In “Lay of the Land: Where Does Property Tax Exemption for Health Care Entities Stand Now?” 28 Taxation of Exempts 38 (Jan. 2017), Janice M. Smith and John V. Woodhall analyze a New Jersey court decision denying a property tax exemption for a large non-profit hospital.  In “Charitable Commerce: Examining Property Tax Exemptions for Community Economic Development Corporations,” 116 Columbia Law Review 1503 (Oct. 2016), Catriela Cohen discusses a New York court decision removing the property tax exemption from property owned by a non-profit economic development organization.

While property tax exemption categories and definitions vary widely from state to state, one constant is the charitable purpose and charitable use test.  A property owner seeking a charitable exemption must demonstrate both that it is organized for charitable purposes and that it uses the property in question for charitable purposes. Read more about these requirements under North Carolina law here.

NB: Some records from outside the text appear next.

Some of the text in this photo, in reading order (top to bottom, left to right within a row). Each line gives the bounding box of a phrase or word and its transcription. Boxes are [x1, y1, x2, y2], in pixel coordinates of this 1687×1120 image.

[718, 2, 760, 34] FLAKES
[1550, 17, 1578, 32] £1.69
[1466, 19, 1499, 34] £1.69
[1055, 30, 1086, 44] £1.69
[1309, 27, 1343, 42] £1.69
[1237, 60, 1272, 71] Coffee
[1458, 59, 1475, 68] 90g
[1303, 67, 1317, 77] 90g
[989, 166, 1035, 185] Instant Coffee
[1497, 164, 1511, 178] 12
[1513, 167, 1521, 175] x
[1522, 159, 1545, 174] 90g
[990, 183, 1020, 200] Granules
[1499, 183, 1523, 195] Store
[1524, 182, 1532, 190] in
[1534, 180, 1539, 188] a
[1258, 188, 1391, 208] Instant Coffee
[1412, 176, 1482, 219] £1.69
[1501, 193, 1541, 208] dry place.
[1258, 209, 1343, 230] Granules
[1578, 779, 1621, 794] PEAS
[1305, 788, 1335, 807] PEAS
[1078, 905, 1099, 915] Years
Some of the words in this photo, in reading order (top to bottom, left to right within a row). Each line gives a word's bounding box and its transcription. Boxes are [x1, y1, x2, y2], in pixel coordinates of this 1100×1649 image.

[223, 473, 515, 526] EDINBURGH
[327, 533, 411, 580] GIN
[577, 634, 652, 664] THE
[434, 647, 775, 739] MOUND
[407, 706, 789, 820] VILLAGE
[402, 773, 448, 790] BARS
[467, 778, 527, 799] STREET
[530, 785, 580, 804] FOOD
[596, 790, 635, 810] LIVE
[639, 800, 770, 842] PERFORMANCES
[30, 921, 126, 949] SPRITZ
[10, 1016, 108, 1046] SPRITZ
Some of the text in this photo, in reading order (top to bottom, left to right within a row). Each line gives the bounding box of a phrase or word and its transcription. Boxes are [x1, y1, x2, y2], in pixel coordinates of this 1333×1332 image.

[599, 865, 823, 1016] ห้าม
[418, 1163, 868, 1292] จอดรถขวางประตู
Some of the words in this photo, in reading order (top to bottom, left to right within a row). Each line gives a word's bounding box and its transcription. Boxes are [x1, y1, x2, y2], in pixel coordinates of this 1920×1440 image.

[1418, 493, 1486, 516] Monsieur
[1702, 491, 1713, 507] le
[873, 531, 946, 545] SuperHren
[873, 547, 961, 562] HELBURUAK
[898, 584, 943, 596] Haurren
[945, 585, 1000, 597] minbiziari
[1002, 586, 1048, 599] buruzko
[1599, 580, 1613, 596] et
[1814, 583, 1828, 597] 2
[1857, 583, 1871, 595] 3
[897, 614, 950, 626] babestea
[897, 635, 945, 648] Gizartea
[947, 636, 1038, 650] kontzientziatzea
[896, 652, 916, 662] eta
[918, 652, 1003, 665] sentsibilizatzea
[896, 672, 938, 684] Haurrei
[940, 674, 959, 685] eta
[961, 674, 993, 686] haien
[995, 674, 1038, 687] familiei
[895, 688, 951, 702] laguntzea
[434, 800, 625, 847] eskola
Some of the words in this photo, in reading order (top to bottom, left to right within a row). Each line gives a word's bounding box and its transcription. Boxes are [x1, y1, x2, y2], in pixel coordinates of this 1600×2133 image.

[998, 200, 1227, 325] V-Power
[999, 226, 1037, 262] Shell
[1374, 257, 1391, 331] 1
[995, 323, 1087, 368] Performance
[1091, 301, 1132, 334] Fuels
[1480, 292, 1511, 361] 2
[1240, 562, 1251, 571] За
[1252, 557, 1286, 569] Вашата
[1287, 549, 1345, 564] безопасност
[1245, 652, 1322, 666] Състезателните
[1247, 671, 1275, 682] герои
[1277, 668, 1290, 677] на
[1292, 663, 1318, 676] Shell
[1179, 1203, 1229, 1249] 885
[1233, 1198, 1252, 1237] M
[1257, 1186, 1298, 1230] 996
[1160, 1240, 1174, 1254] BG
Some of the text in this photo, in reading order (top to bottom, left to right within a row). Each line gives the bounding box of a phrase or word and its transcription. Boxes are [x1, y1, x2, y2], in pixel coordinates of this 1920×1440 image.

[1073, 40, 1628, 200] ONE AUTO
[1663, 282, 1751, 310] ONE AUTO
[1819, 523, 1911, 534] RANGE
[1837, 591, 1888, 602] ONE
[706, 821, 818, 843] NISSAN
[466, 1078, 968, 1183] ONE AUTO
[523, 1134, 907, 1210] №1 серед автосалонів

In the New Jersey case analyzed by Smith and Woodhall, Morristown Memorial Hospital (“MMH”) owned a million-square foot medical campus that included 700 hospital beds.  MMH is organized as a non-profit corporation and treats all patients without regard for their ability to pay.  However, like many other large medical centers, MMH also owned several physician practices, provided home care and nursing services, and was engaged in other for-profit activities.  Of the many doctors who provided care at the hospital, some were employees of the non-profit MMH while many others were private, for-profit doctors with staff privileges or service contracts with the hospital.

Faced with the hospital’s “labyrinthine” corporate and operational structure, the New Jersey court concluded that MMH did not qualify for the charitable property exemption because it could not “distinguish where the non-profit activity end[ed] and the for-profit activity beg[an].”  In other words, MMH satisfied the ownership test (it was an organization organized for charitable purposes) but failed the use test (it could not prove that it used the property for charitable activities).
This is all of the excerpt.